== Segment start ==

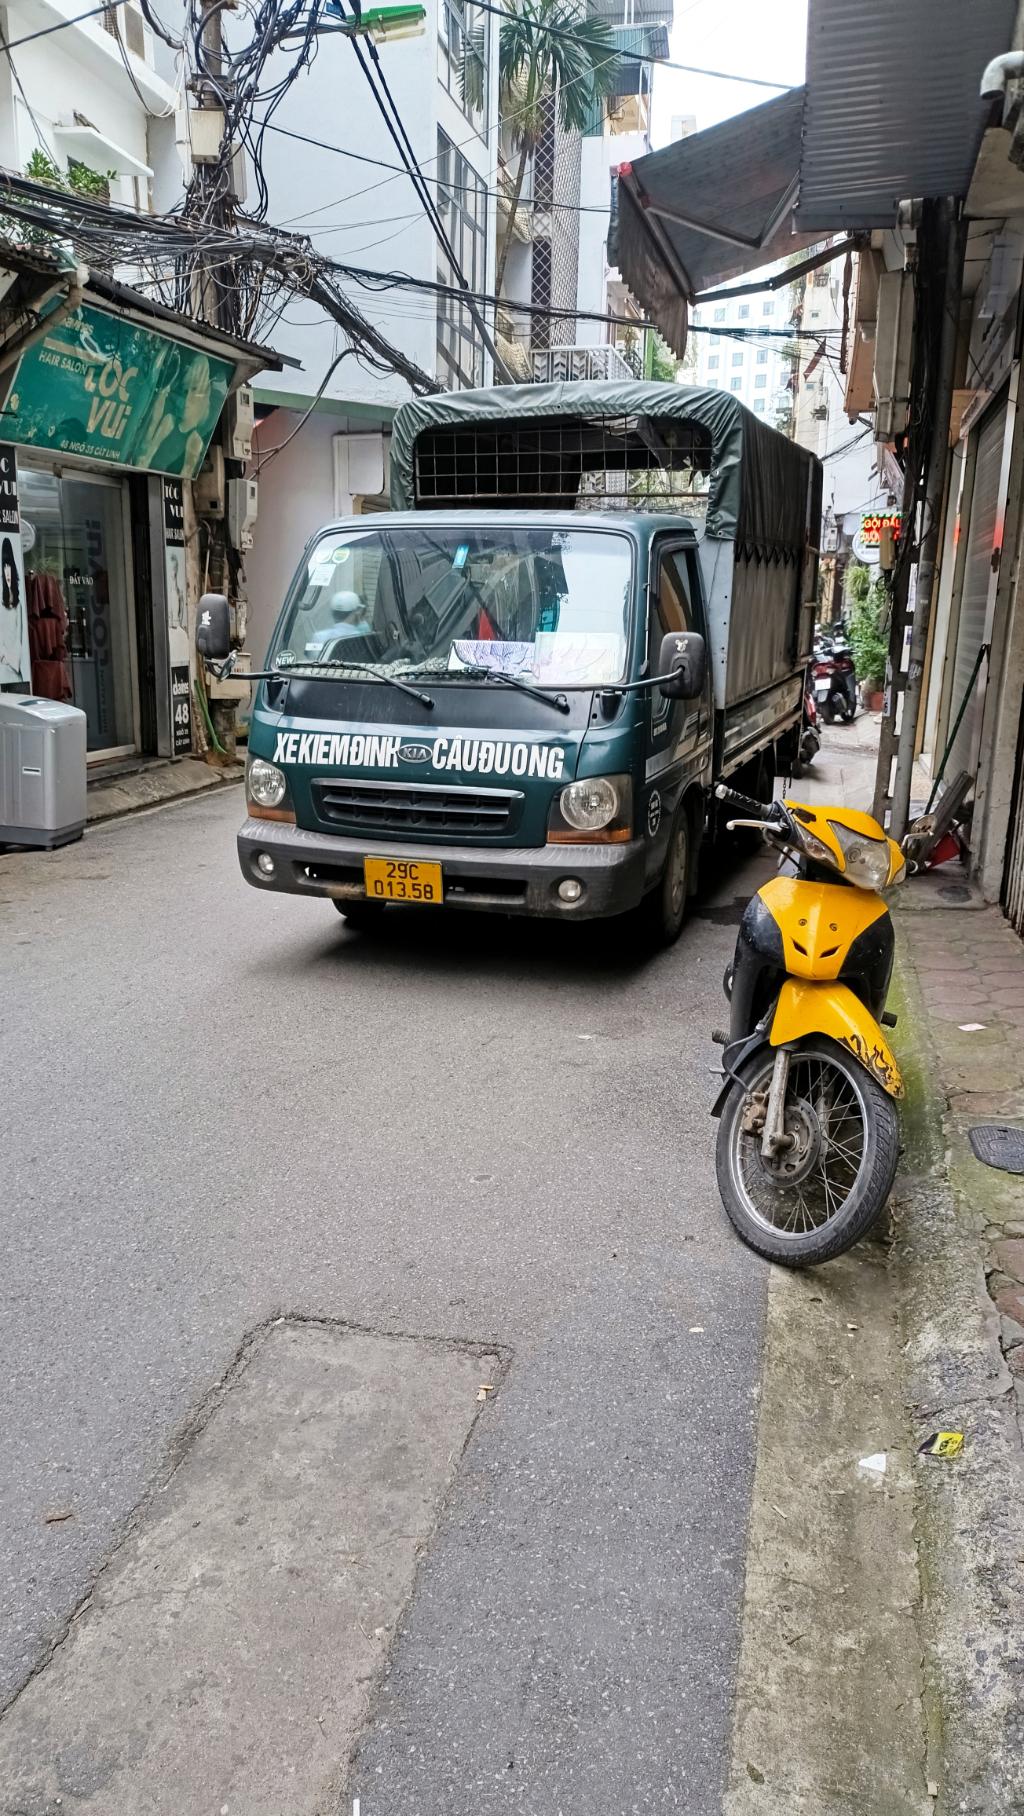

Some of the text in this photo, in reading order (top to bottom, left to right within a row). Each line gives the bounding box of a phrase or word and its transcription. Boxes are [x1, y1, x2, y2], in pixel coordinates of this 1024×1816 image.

[39, 350, 89, 376] HAIR SALON
[275, 656, 295, 666] NEW
[175, 703, 189, 724] 48
[402, 747, 427, 759] KIA
[386, 862, 419, 880] 29C
[374, 880, 433, 900] 013.58

== Segment end ==

### TASK TO CARRY OUT
Without the pictures, restate all the entries above exactly.

### YOUR RESPONSE
Some of the text in this photo, in reading order (top to bottom, left to right within a row). Each line gives the bounding box of a phrase or word and its transcription. Boxes are [x1, y1, x2, y2], in pixel coordinates of this 1024×1816 image.

[39, 350, 89, 376] HAIR SALON
[275, 656, 295, 666] NEW
[175, 703, 189, 724] 48
[402, 747, 427, 759] KIA
[386, 862, 419, 880] 29C
[374, 880, 433, 900] 013.58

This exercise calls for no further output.